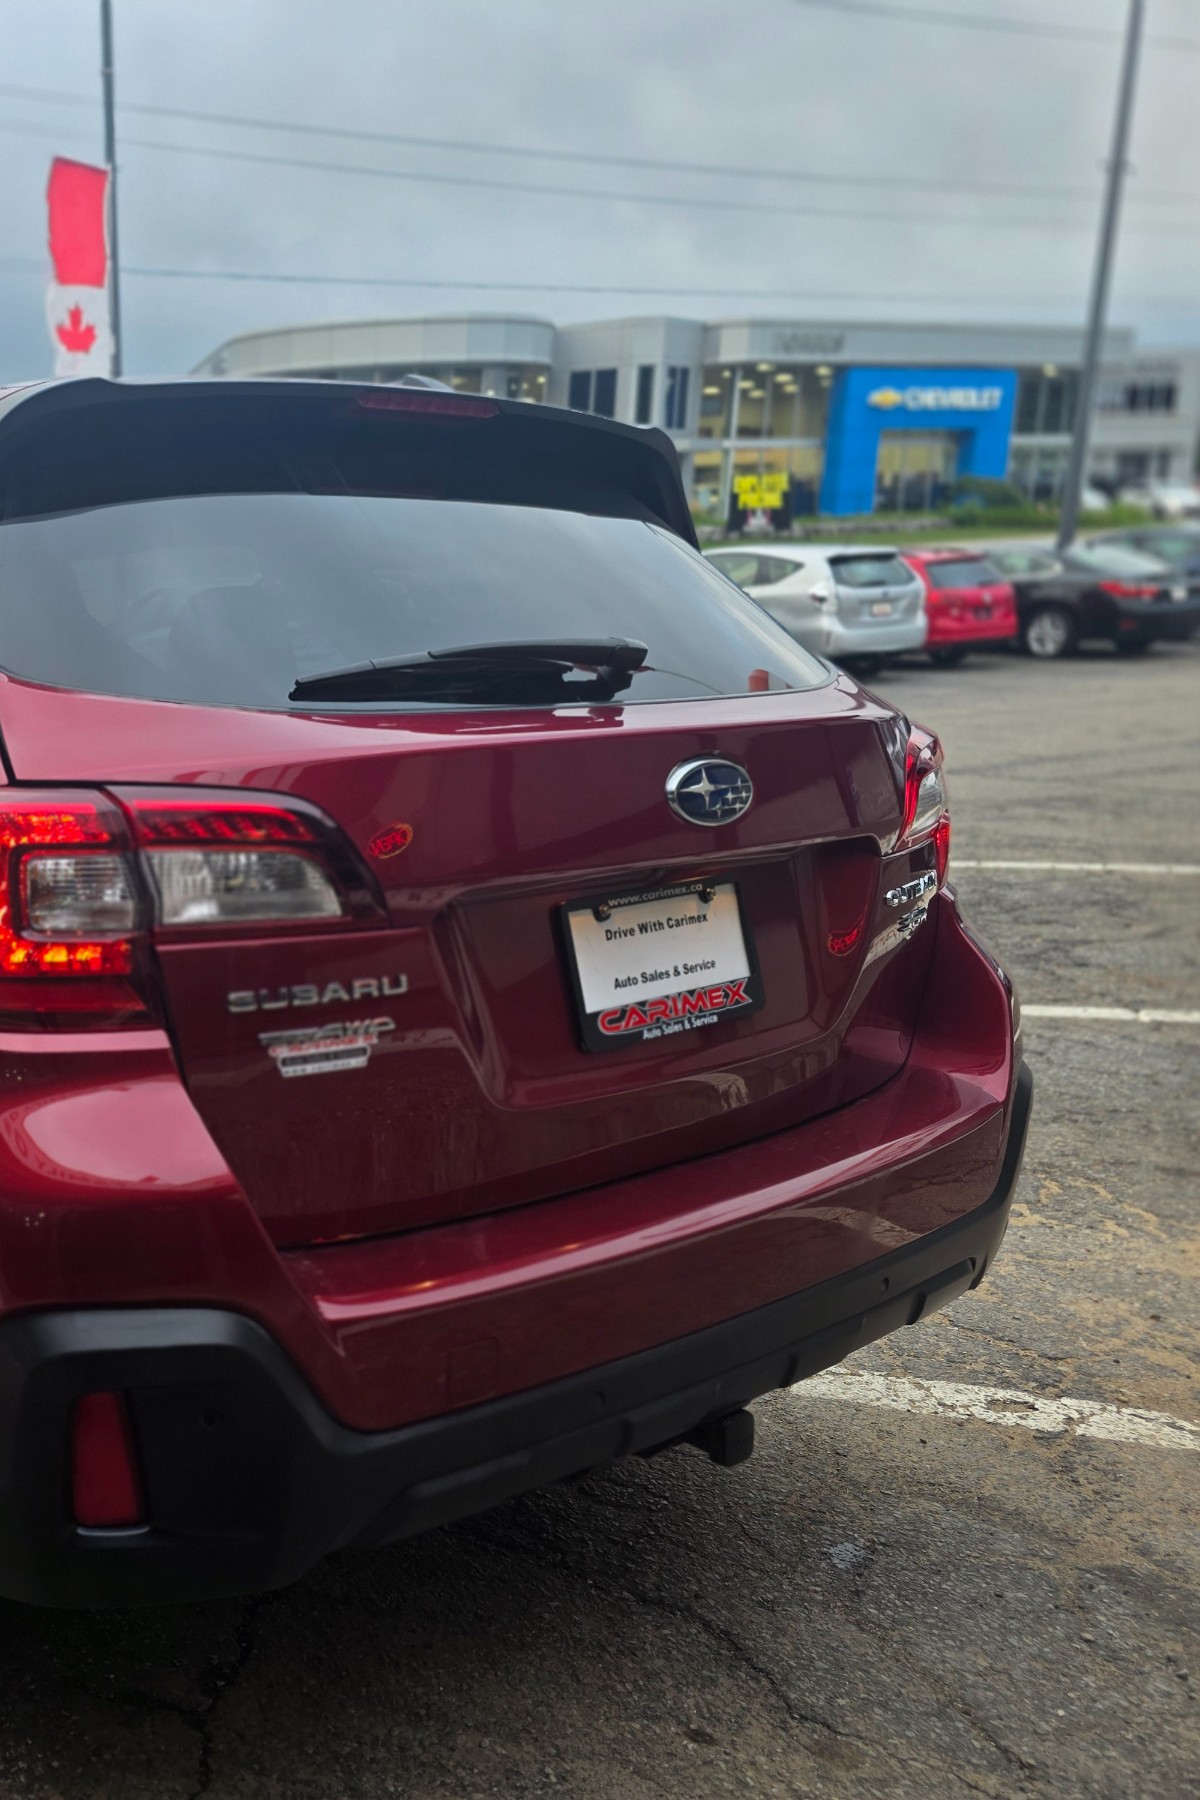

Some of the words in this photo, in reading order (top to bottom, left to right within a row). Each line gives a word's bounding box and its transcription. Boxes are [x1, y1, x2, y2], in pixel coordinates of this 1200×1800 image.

[608, 883, 703, 907] www.carimex.ca
[605, 926, 635, 941] Drive
[638, 919, 665, 935] With
[667, 914, 708, 928] Carimex
[614, 974, 638, 990] Auto
[641, 967, 670, 983] Sales
[673, 965, 681, 976] &
[683, 959, 716, 974] Service
[227, 974, 408, 1013] SUBARU
[599, 979, 750, 1034] CARIMEX
[643, 1024, 660, 1040] Auto
[662, 1020, 683, 1035] Sales
[684, 1017, 691, 1030] &
[693, 1014, 718, 1028] Service
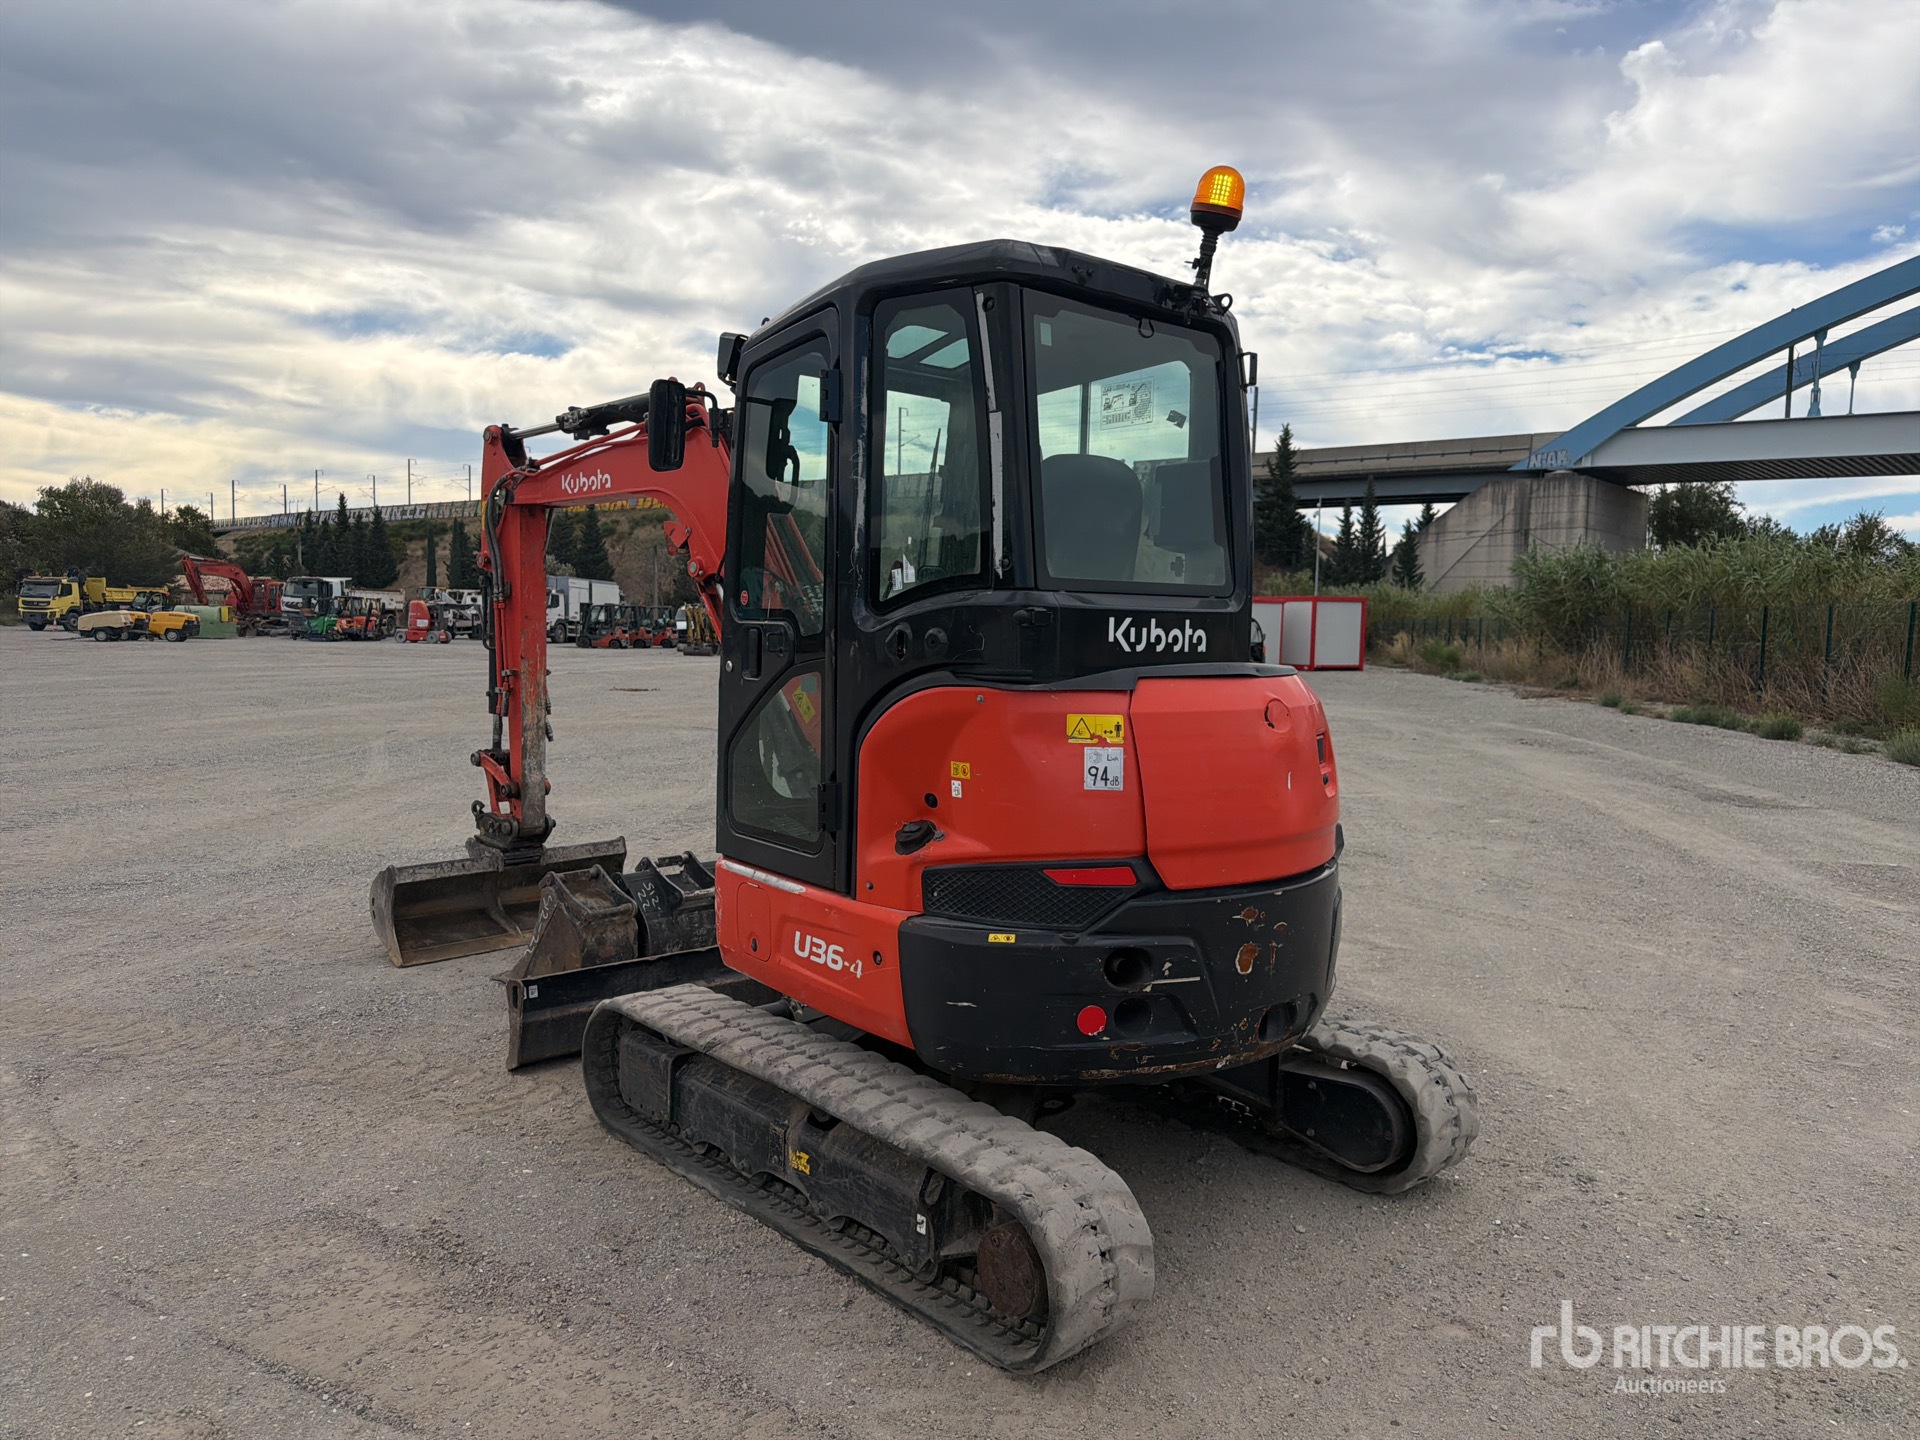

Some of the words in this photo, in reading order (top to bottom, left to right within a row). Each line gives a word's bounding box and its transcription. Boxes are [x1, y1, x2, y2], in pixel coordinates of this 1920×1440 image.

[561, 469, 611, 494] Kubota
[1108, 617, 1207, 652] Kubota
[1088, 766, 1109, 787] 94
[794, 930, 863, 979] U36-4

****

EXERCISE BRIEF -
Each record must be repeated verbatim, and no picture may appear in the copy.

RESPONSE BOX -
Some of the words in this photo, in reading order (top to bottom, left to right within a row). Each line gives a word's bounding box and its transcription. Boxes are [x1, y1, x2, y2], in pixel coordinates of this 1200×1800 image.

[608, 883, 703, 907] www.carimex.ca
[605, 926, 635, 941] Drive
[638, 919, 665, 935] With
[667, 914, 708, 928] Carimex
[614, 974, 638, 990] Auto
[641, 967, 670, 983] Sales
[673, 965, 681, 976] &
[683, 959, 716, 974] Service
[227, 974, 408, 1013] SUBARU
[599, 979, 750, 1034] CARIMEX
[643, 1024, 660, 1040] Auto
[662, 1020, 683, 1035] Sales
[684, 1017, 691, 1030] &
[693, 1014, 718, 1028] Service

Some of the words in this photo, in reading order (top to bottom, left to right within a row). Each line gives a word's bounding box and its transcription. Boxes are [x1, y1, x2, y2], in pixel coordinates of this 1920×1440 image.

[561, 469, 611, 494] Kubota
[1108, 617, 1207, 652] Kubota
[1088, 766, 1109, 787] 94
[794, 930, 863, 979] U36-4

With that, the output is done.